1 septembre. Escale à Moscou. Une journée. Puis l’avion est en panne. On va donc s’écraser en retard, sans même mourir à l’heure. Après plusieurs heures, on est évacué de l’avion qui a rendu l’âme, par un bus trop petit qui va se garer quelques mètres plus loin et ne bouge plus non plus. Qui d’autre ensuite va tomber en panne ? Le chauffeur ? Le sol ? Au bout d’un moment où rien ne s’est passé, tout le monde étouffe et s’énerve. Une femme avec enfant demande à l’autre bout du bus ce que fait le chauffeur. Une voix de l’autre bout lui répond en un mot qu’il est parti. On ouvre alors les portes à coups de pied. Puis on attend jusqu’au lendemain.

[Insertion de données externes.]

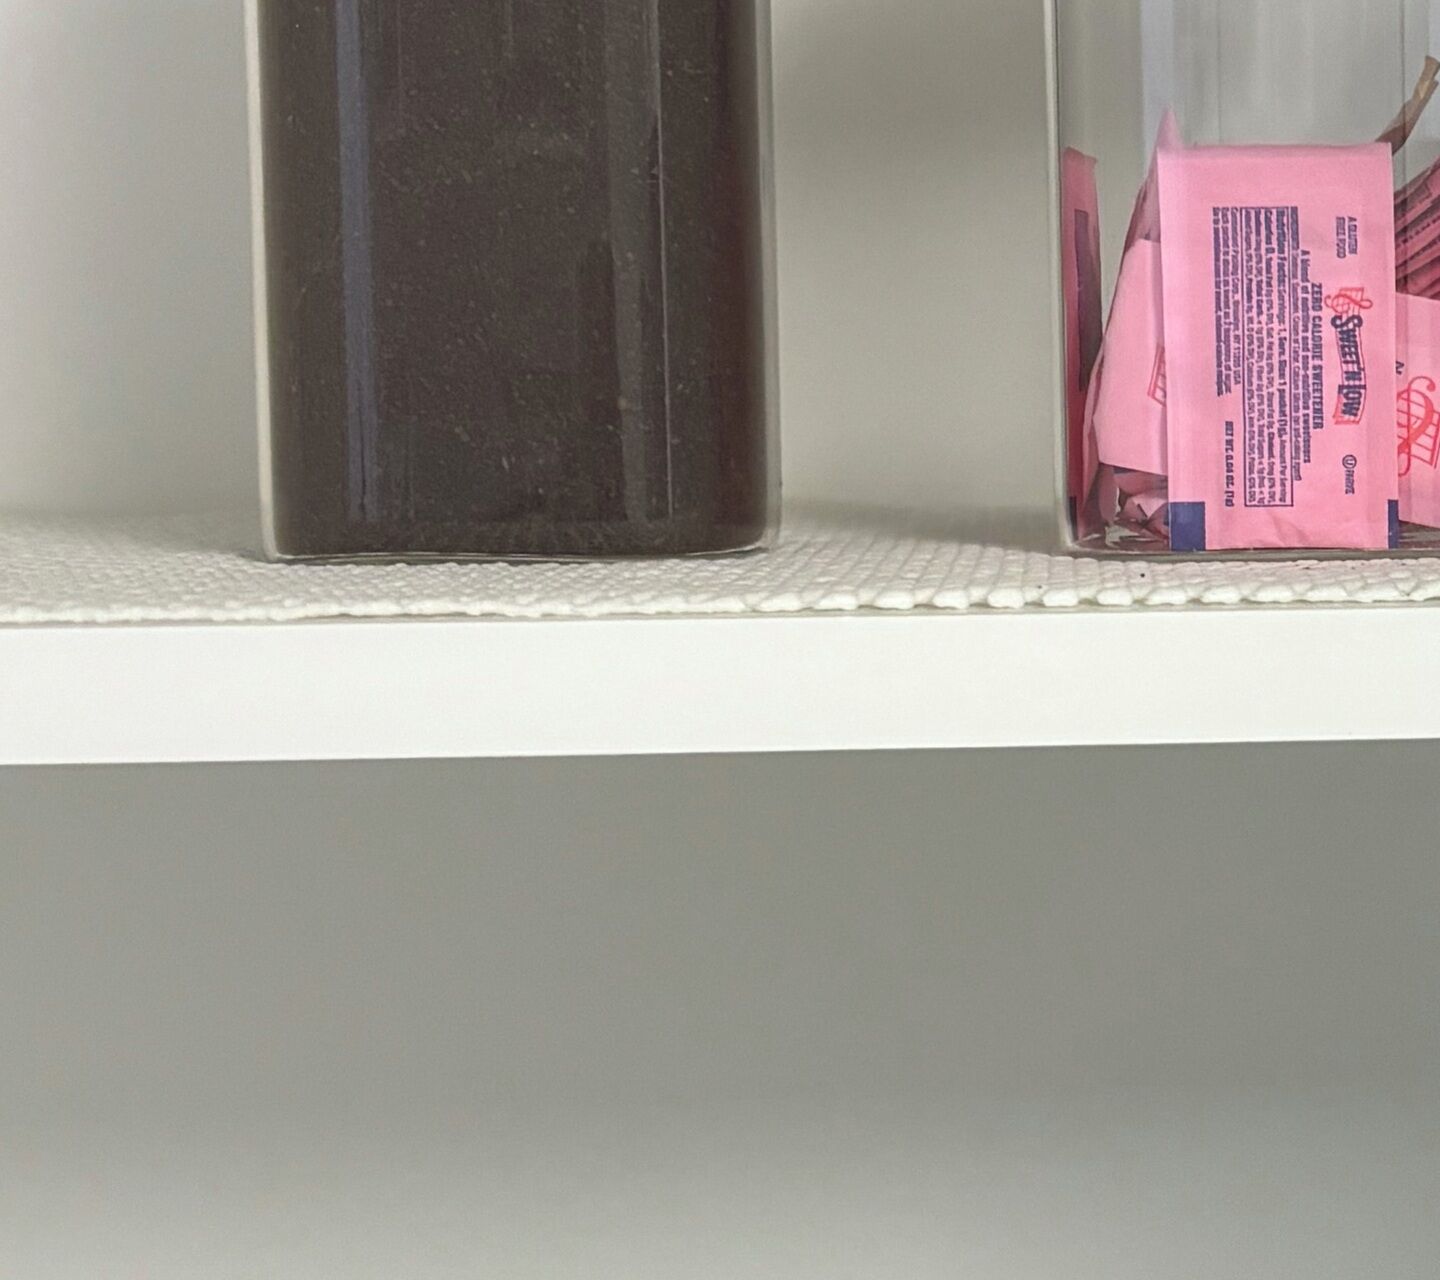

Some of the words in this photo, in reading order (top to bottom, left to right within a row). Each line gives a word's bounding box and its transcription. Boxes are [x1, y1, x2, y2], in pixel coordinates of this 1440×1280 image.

[1301, 259, 1310, 283] blend
[1311, 283, 1322, 312] ZERO
[1302, 336, 1310, 352] and
[1312, 316, 1322, 361] CALORIE
[1313, 365, 1324, 429] SWEETENER
[1338, 384, 1366, 417] LOW
[1303, 413, 1311, 463] sweeteners

Finalement l’avion d’Oural Airlines se pose à Irkoutsk, le plus doux atterrissage que j’ai jamais connu, sans même sentir le choc des roues contre la piste. On y croise les appareils d’Yakoutia Airlines dont l’empenne est une aurore boréale. Accueillis à l’aéroport par Olga, Sibérienne de notre âge, au sourire et aux courbes remarquables.

Un dimanche aux bords du Baïkal. Sur les berges du lac Bleu, un gros Russe typé asiate et albinos de surcroît, s’est vêtu tout en jean et d’un chapeau cowboy vert. Il mange une pastèque rouge. L’herbe aussi est très verte. Puis, loin devant lui sur le lac, un zodiac rouge marqué CCCP passe lentement.

À côté d’un stand à brochettes qui grillent dans une fumée violente, une femme est assise. Installée dans cette fumée de viande aveuglante, elle fume une cigarette… Une camarade bouriate me fait écouter de sa musique au casque, c’est du rap américain, face au lac sans horizon. Pendant que tout ici pue l’essence, un enfant lâche son ballon rouge sur le ciel gris.

Il se vend beaucoup de ce poisson endémique dans les baraques au bord du lac : l’Omoul ; sec ou servi chaud, il se mange comme un hot dog : dans le même sens, de haut en bas. Le reste aux mouettes. Il est temps de partir. De retour dans cette Russie d’aujourd’hui, je la trouve un peu comme un tableau de Bilibine vu à travers la vitre sale d’un bus. Un bus qui roule et où les passagers entassés boivent de la bière debout.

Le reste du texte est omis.